- Wheat Flour – 1 cup
- Chilli powder – 1/2 tsp
- Cumin Seeds – 1/2 tsp
- Butter(at room temperature) – 1/2 tsp
- Hing – 1/8 tsp
- Salt – to taste
- Oil – to deep fry
- Water – as required
- In idli handa, steam cook the wheat flour for 20 minutes.
- Once it is cooled down t room temperature, break the lumps with hands
- Sieve it to remove coarse mixture.
- In a mixing bowl, add the sieved wheat flour, red chilli powder, butter, hing, cumin seeds and required salt.
- Mix it well with your hands first.
- Now add water little by little to form a smooth nonsticky dough.
- Take your murukku press and grease it well.
- Fill your murukku press with the dough.
- Start pressing into murukkus.

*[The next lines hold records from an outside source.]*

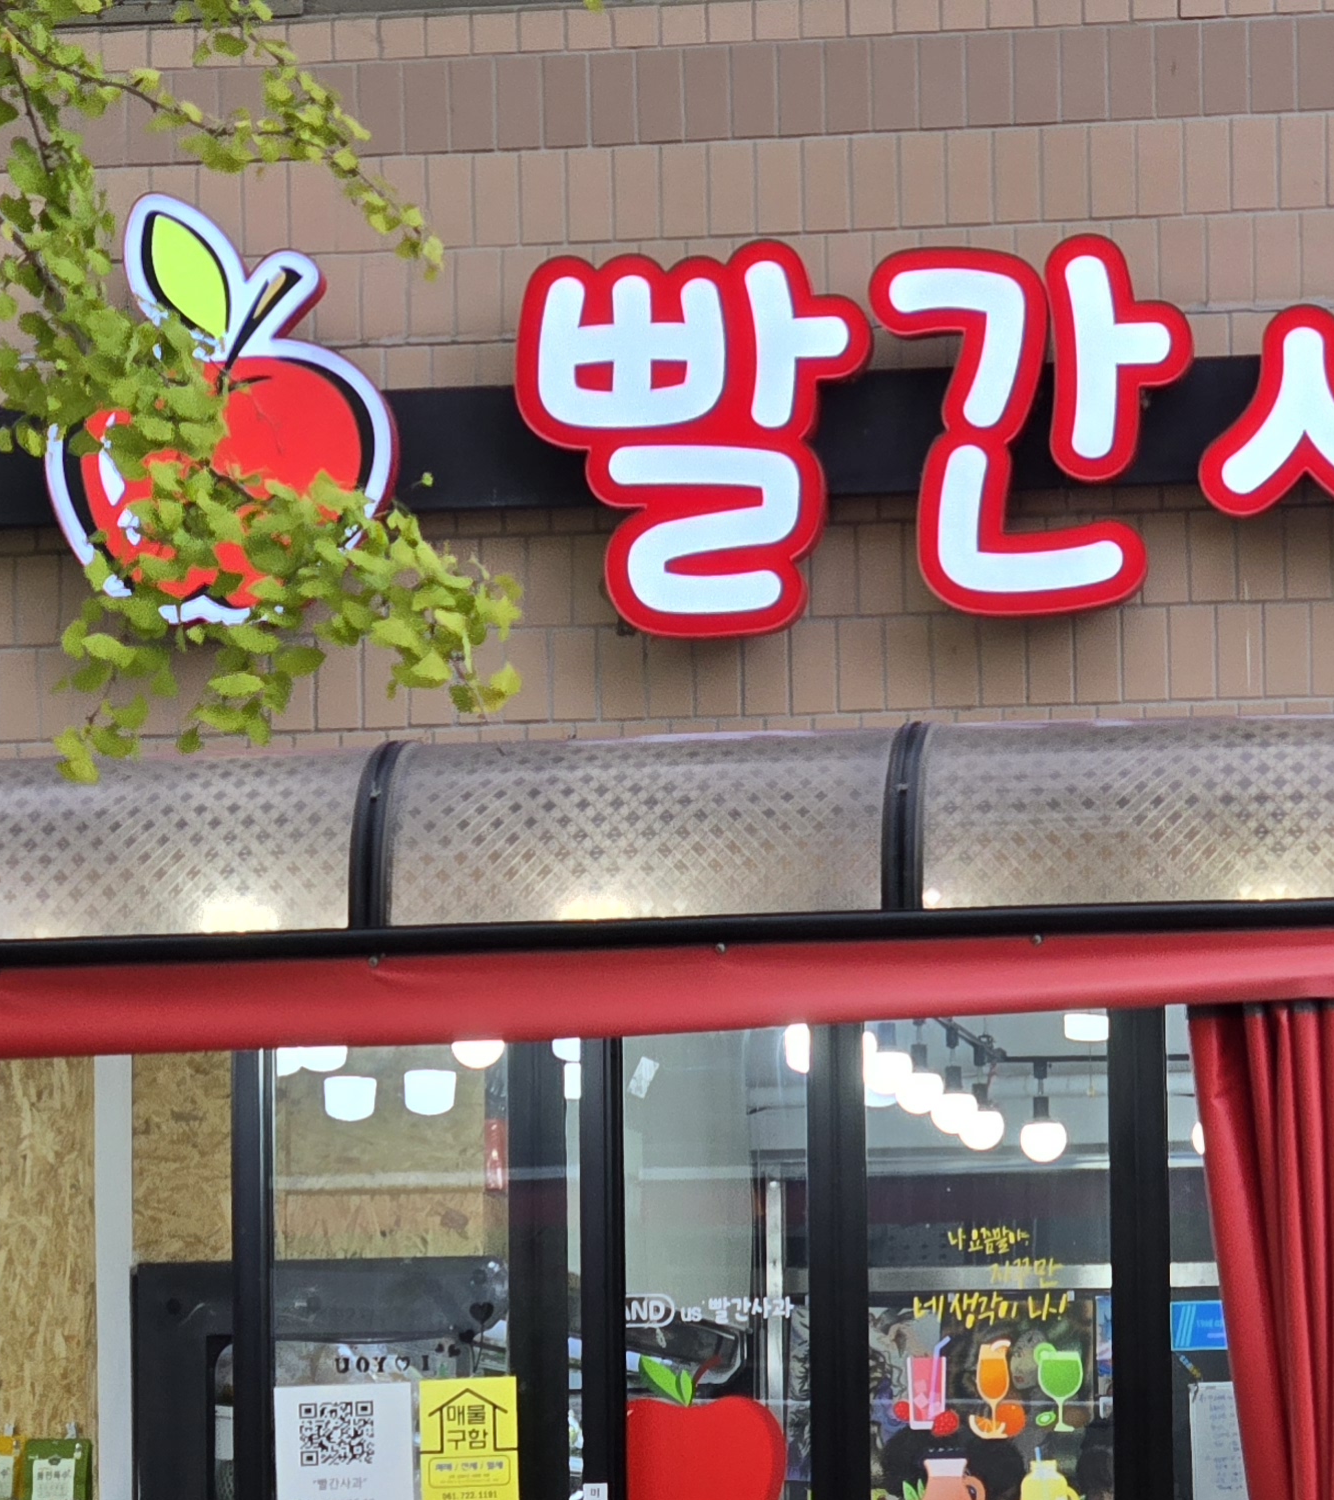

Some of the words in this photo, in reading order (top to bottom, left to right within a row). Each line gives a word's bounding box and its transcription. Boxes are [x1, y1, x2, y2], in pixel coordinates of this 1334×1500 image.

[947, 1227, 966, 1251] 나
[988, 1256, 1064, 1290] 자꾸만
[913, 1294, 945, 1324] 네
[950, 1290, 1018, 1330] 생각이
[447, 1404, 487, 1426] 매물
[447, 1428, 489, 1451] 구함

I pressed it in 2 ladles and dropped it into the oil.You can even press it directly into oil.
- Deep fry till golden browned.
- Drain in tissue paper.Repeat the process until the entire dough finishes.

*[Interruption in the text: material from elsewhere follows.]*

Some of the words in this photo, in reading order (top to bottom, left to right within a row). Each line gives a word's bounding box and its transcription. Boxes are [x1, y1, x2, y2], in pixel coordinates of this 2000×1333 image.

- Cool down then store in an airtight container.
- You can use any press of your choice.
- Homemade wheat flour can also be used.
- The dough should be nonsticky, the texture of flour should be same like rice flour after steaming.
- If you are comfortable and can handle the heat, you can press the murukku directly in oil.
- You can even add 2-3 murukkus at a time while frying.
- You can replace cumin seeds with white sesame seeds. You can use black sesame seeds too.
- Cook in low medium flame and regulate heat as and when it goes high / low.